All in the family — An interview with Tom Smothers

All in the family

An interview with Tom Smothers

February 24, 2005

In 1959 Tom and Dick Smothers began as a singing duo before evolving into one of the most enduring comedic teams of all time. “Mom always liked you best” was Tom’s most often repeated charge in the long-running, put-on feud with brother Dick. Their first national television appearance was on Jack Paar’s show in 1961. In 1967, CBS decided to give the Smothers Brothers a shot at the “kamikaze hour,” the 9 p.m. time slot opposite NBC’s “Bonanza.” Nine shows had gone down in flames attempting to break “Bonanza’s” seemingly insurmountable hold on television ratings. CBS hoped that “The Smothers Brothers Comedy Hour” would appeal to a younger audience, but Tom and Dick assumed that they would fail as others had. According to Maureen Muldaur’s documentary Smothered: The Censorship Struggles of the Smothers Brothers Comedy Hour, the team had nothing to lose, but the brothers hoped to get at least half a season out of the deal and then “go fishing in Mexico” the rest of the year.

If Tom Smothers was going down, he was going down throwing his best punches. He demanded that the network give him complete creative control. The result was an hour of political satire that caught network executives and the nation off-guard. The reactionary youth movement of the 1960s had been defined by hippies, Black Panthers, and other insurgent characters, so no one expected a pair of short-haired, clean-shaven brothers to take on the Vietnam War, racial integration, and other social issues of the day. The show reached number one in the ratings as CBS observed with horror the subversive monster it had unleashed. Frank Stanton, the president of the network, often watched the program with President Lyndon Johnson at the White House, which resulted in Monday morning messages to Tom and Dick to tone down the controversy. By the second season, CBS was censoring the show and eventually canceled it halfway through the third year because a script was supposedly turned in too late to be reviewed. The brothers later won a $30-million lawsuit against CBS for breach of contract.

The Smothers Brothers: Tom and Dick. (click for larger version)

In 1988, CBS invited the brothers to do a “Comedy Hour” reunion. The network requested that the pair be as cutting edge and controversial as they had been two decades earlier, but Tom and Dick refused to comply. They decided to stick to just being funny. The Smothers Brothers will appear with the Alabama Symphony on Thursday, March 3 at the BJCC Concert Hall. Tom Smothers even promised to perform his astonishing yo-yo tricks.
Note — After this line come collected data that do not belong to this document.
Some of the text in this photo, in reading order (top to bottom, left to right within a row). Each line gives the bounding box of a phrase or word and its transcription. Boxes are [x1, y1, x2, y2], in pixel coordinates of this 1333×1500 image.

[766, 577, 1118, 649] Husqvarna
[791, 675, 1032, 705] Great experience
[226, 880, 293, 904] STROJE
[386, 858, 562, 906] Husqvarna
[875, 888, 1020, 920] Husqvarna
No one expected a pair of short-haired, clean-shaven brothers to take on the Vietnam War, racial integration, and other social issues of the day. When “The Smothers Brothers Comedy Hour” reached number one in the ratings as CBS observed with horror the subversive monster it had unleashed.

B&W: I’m having trouble picturing the Smothers Brothers performing with a symphony.

Tom Smothers:
We do about eight or 10 symphonies a year, and we think they are the most fun of all the jobs we do. We do about 75 to 100 dates a year.

B&W: What makes the symphony dates so much fun?

Smothers: There’s something about the formality of a symphony. For a comedian, the easiest place to get a laugh without any effort is a schoolroom, courtroom, or a symphony hall (laughs). There’s something formal about it, and comedy kind of breaks that little formality. We always put monitors in back so that they [symphony members] can hear the dialogue and stuff—and I always turn around and look, and they are always laughing. They have the best time. It’s like having an audience behind us and an audience in front of us.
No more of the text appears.